Born in Essex, where the football was provided by Southend United, Tim Rich has spent more than twenty-five years covering some of the biggest clubs in the country as well as five World Cups.
After a spell in the North East as the Sunderland Echo’s cricket correspondent and chief sports writer at the Newcastle Journal, he joined The Independent as the paper’s northern football correspondent reporting on the fabulous Manchester United machine created by Sir Alex Ferguson. He moved to the Daily Telegraph in 2005 and returned to The Independent as a freelance.
Old Trafford has featured prominently in Tim’s books. He has ghost-written the biographies of the former United manager, Ron Atkinson, the club’s Russian winger, Andrei Kanchelskis, and edited the memoirs of United’s long time lawyer, Maurice Watkins.
In 2023 he produced On Days Like These, the story of the United goalkeeper, Les Sealey, compiled from tapes left behind after his death. It was longlisted for the William Hill Sports Book of the Year.

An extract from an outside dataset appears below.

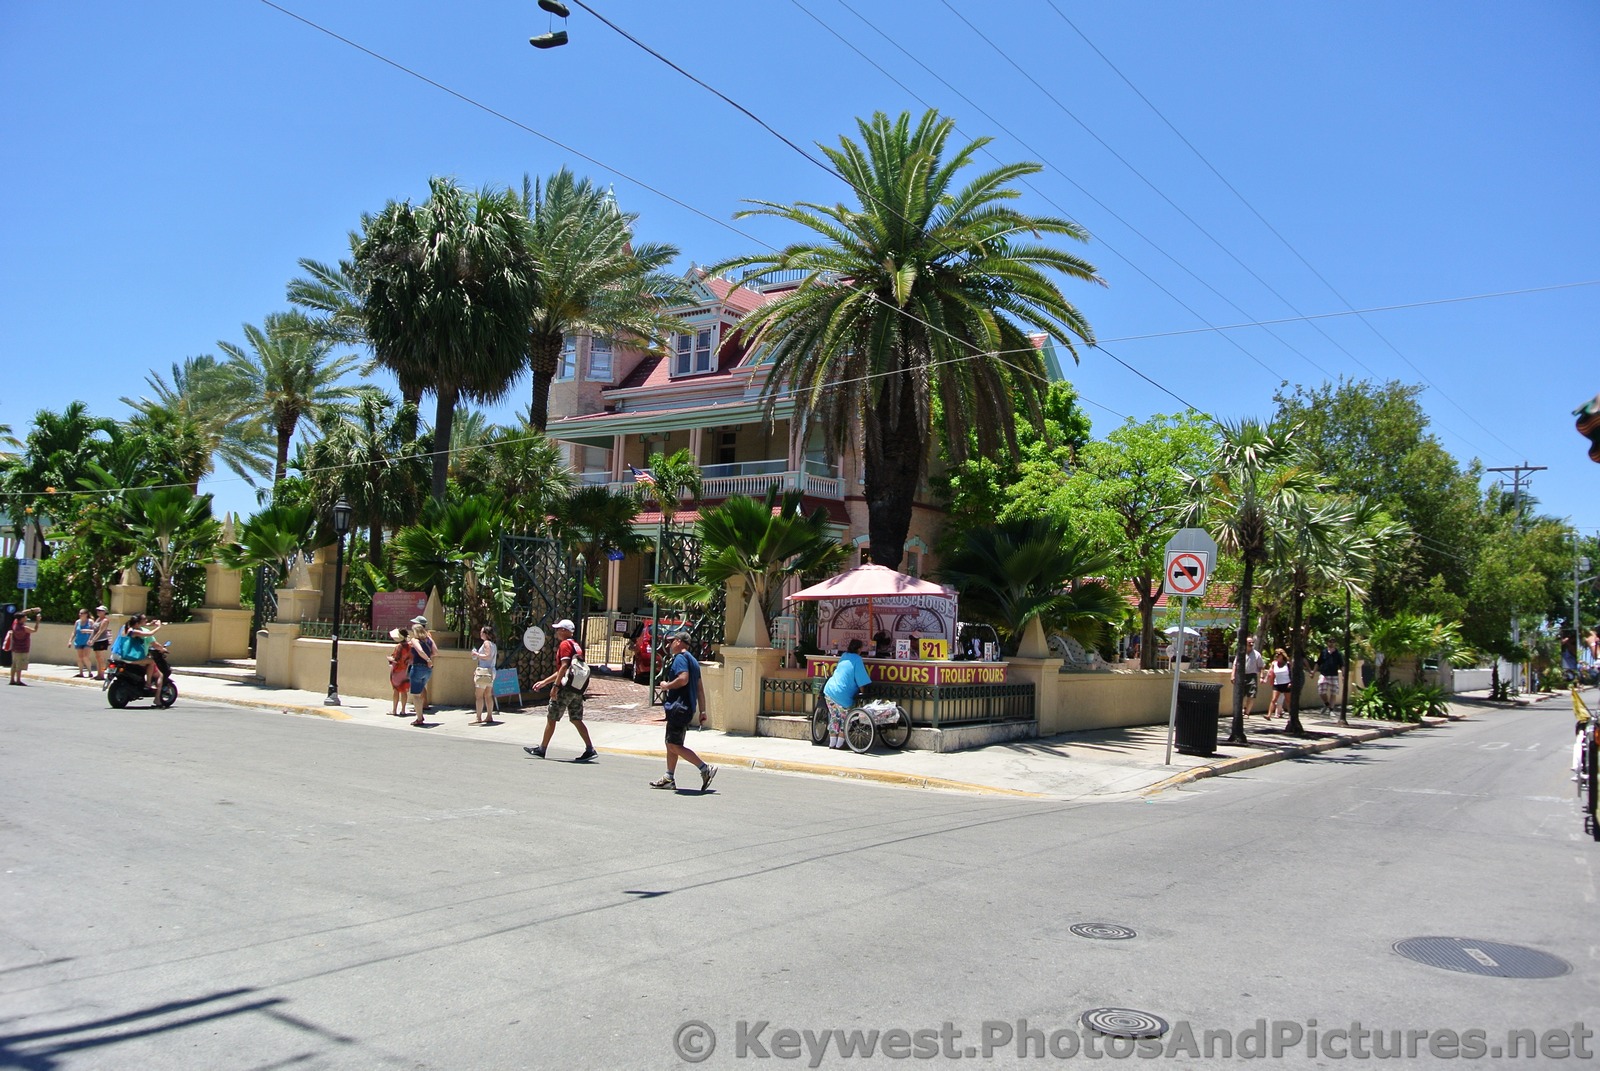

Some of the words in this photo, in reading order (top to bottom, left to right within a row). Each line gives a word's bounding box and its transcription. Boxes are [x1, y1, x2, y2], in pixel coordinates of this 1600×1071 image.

His first book, however, described a very different club. Caught Beneath the Landslide detailed the decline and fall of Manchester City in the 1990s. Six years after its publication, he collaborated with David Bernstein, the chairman who steered City from the third tier of English football to the Premier League for an insider’s account of the drama, We Were Really There. He has also collaborated with the former Manchester City manager, Brian Horton, on his memoirs.
In 2019, Tim travelled across South America and Europe to write The Quality of Madness, an acclaimed account of the life of Marcelo Bielsa. This was followed by a collaboration with Craig Bromfield, Be Good, Love Brian; an account of how Craig, a drug-dealer’s son from Sunderland, was adopted by Brian Clough. It was shortlisted for the William Hill Sports Book of the Year.
His latest collaboration has been with the former Luton and Tottenham manager, David Pleat, on his autobiography, Just One More Goal.